Empresas estrangeiras começam a limitar o trabalho fora do horário oficial, enquanto no Brasil executivos esticam até onde podem a jornada. É possível mudar essa cultura?
Revista Época Negócios - por Raquel Salgado
- E aí, trabalhando muito? - O suficiente. Entro às 9h, saio às 17h. Faço uma hora de almoço. Não trabalho aos finais de semana e sempre tenho folga nos feriados. - Opa! Tem vaga nessa empresa? - Pois é! Nem e-mail corporativo eu acesso aos finais de semana.
É raro, bem raro, ouvir um diálogo assim. Onde já seu viu alguém sair por aí dizendo que tem trabalhado pouco - ou, na verdade, cumprido a jornada oficial da legislação trabalhista brasileira (44 horas semanais)? Deve estar rico ou não gosta muito de pôr a mão na massa. Esse é o pensamento de boa parte dos executivos no Brasil, segundo Elton Moraes, gerente do Hay Group, consultoria de RH. A celebração ao expediente longo, diz ele, é vista por aqui como algo importante nos meios profissional e social. De acordo com o Hay Group, os executivos brasileiros trabalharam 12,5 horas por dia, em média, no ano passado. Num expediente de segunda a sexta, isso significa 67,5 horas semanais na labuta, bem acima da jornada legal.
A chegada de novas tecnologias, em vez de amenizar a carga de trabalho, potencializou o problema. Quem já tinha predisposição em passar boa parte do tempo no escritório encontrou nos smartphones e laptops os parceiros ideais para manter a conexão diuturna com a lida.
Trabalha-se de qualquer canto, a qualquer hora, na busca por um salto de produtividade. Só que esse salto pode não acontecer.
Um estudo da ONG americana The Conference Board mostra que entre 2009 e 2013 os brasileiros produziram menos do que americanos, franceses e ingleses, embora tenham trabalhado mais.

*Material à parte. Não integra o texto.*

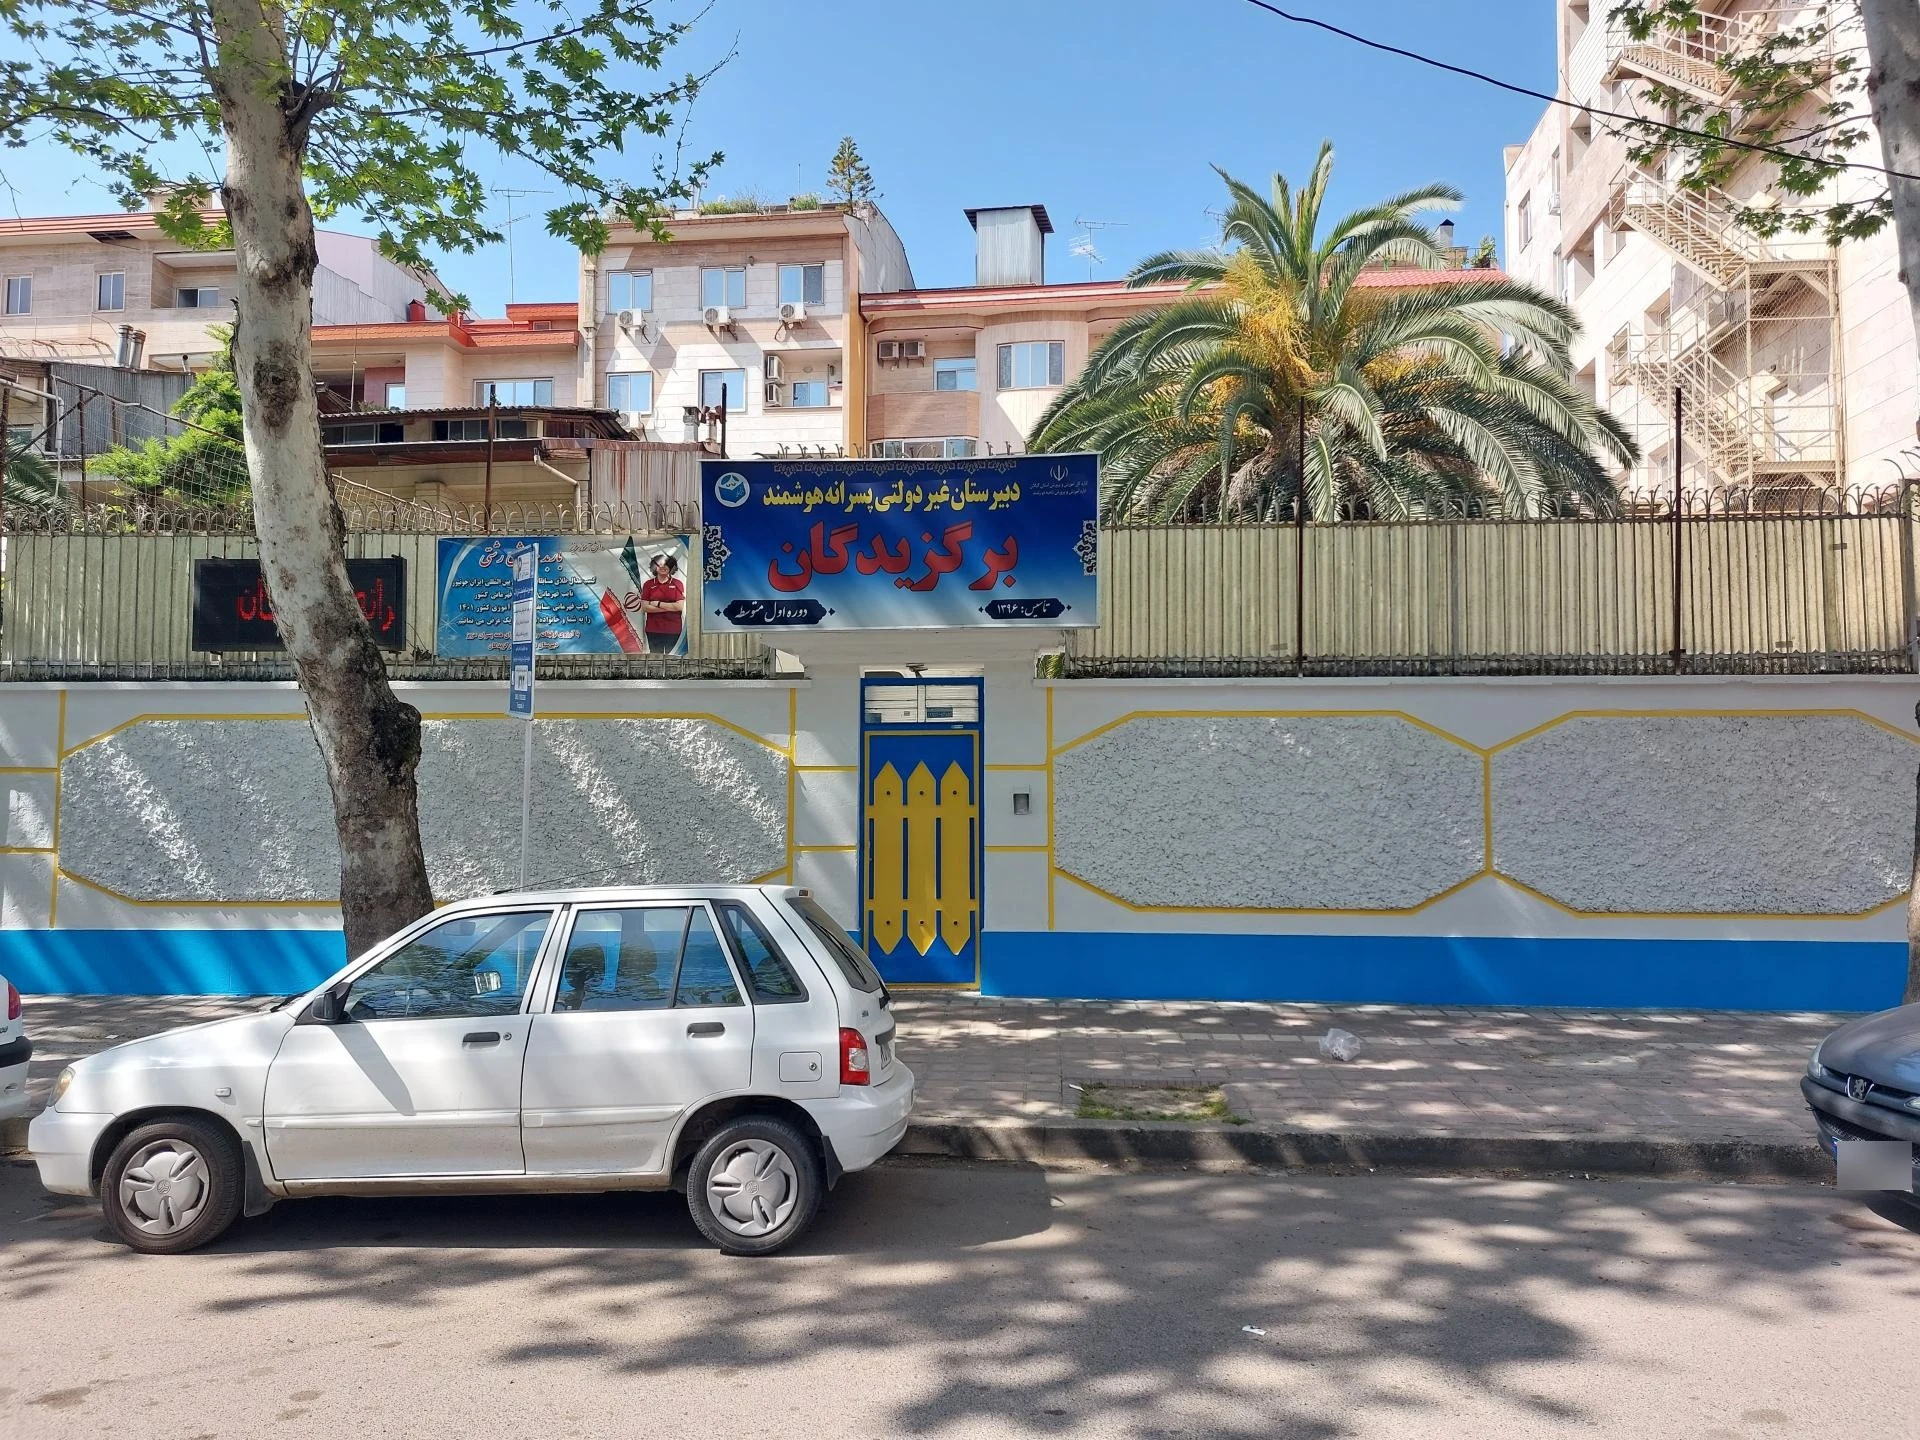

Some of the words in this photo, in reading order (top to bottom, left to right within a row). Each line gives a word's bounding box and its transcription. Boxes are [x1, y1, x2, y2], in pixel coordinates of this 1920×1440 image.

Para o economista John Pencavel, da Universidade de Stanford, é a redução - e não o aumento - da jornada que pode ter um impacto positivo na produtividade.

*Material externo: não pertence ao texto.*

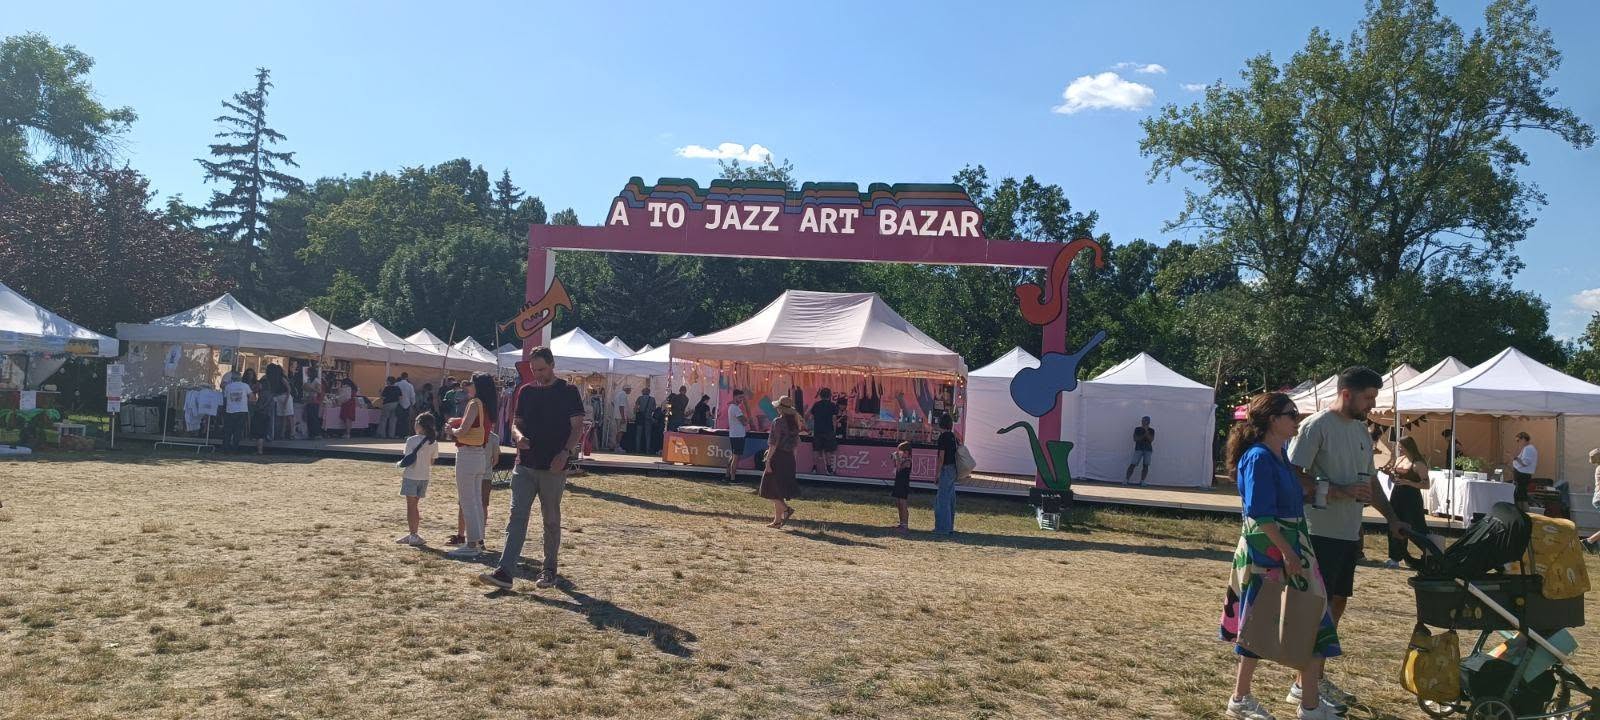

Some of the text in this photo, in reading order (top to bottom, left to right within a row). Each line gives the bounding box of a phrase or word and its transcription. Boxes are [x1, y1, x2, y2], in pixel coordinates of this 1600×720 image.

[610, 201, 980, 238] A TO JAZZ ART BAZAR
[674, 441, 732, 458] Fan Sho
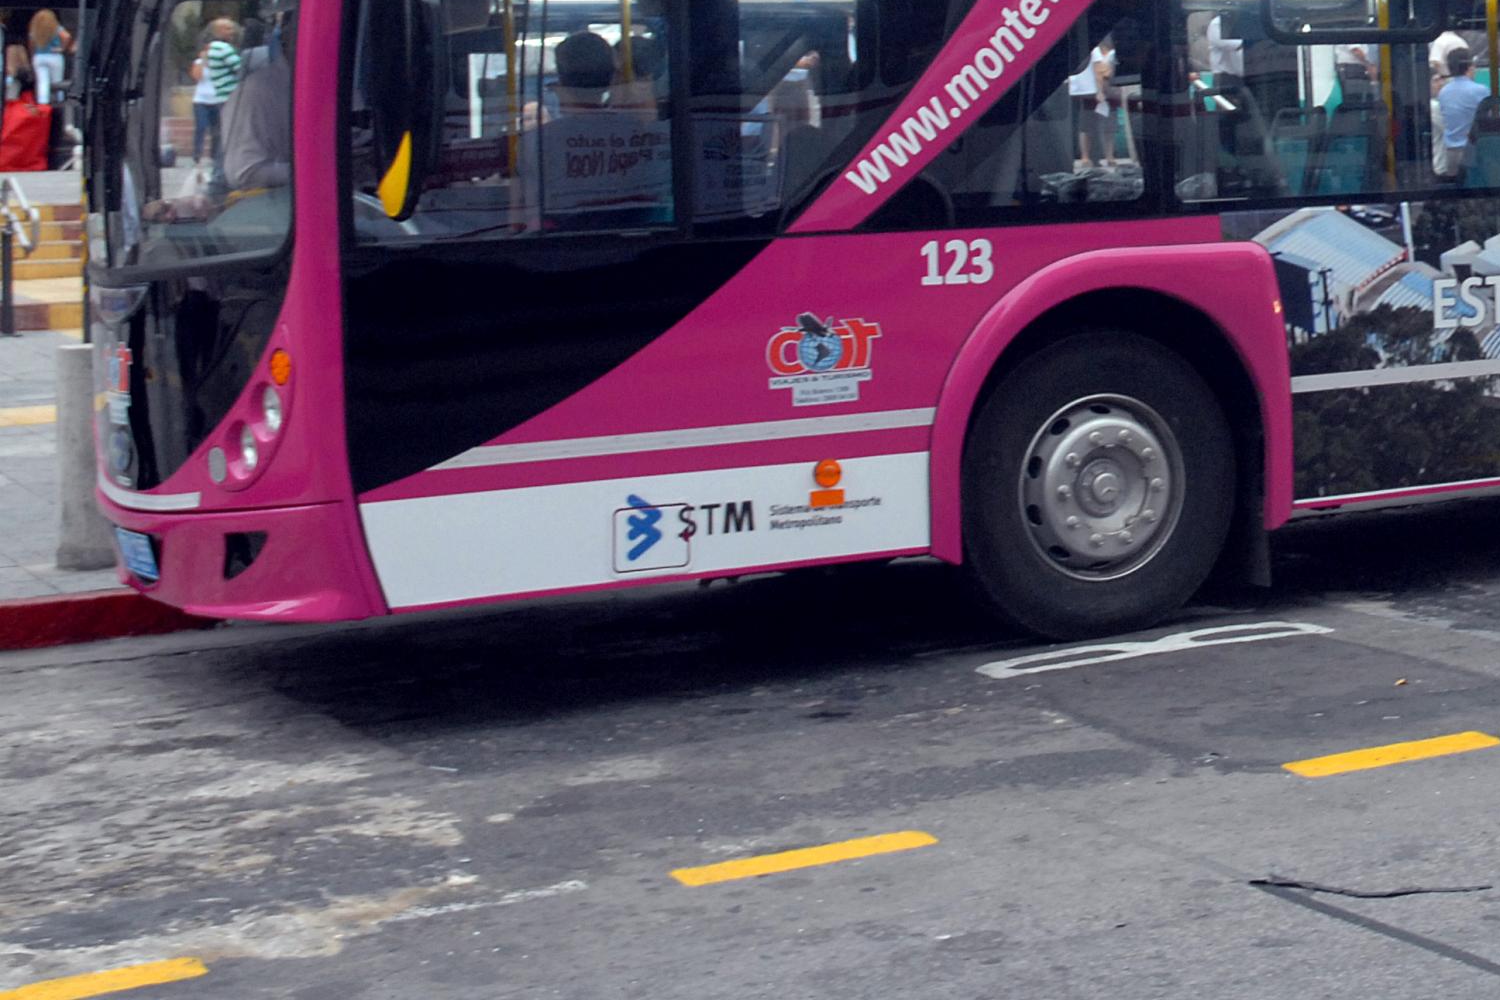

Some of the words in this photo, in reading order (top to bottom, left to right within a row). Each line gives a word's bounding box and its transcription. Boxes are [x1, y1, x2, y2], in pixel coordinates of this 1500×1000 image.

[921, 238, 994, 286] 123
[679, 500, 755, 538] STM
[769, 515, 842, 531] Metropolitano

Seu estudo conclui que a relação tempo e produtividade funciona para jornadas abaixo de 49 horas semanais. Acima disso, a capacidade de produção decresce. Algumas empresas já perceberam o fenômeno. A filial do Google em Dublin, na Irlanda, está - segundo a revista The Economist - confiscando aparelhos como smartphones e laptops de seus funcionários no fim do expediente, para evitar que eles trabalhem fora do horário oficial. A montadora Daimler apaga da caixa de e-mails de seus funcionários as mensagens recebidas quando eles estão de folga ou de férias. Haverá o dia em que falar de jornada dupla, em público, será um problema.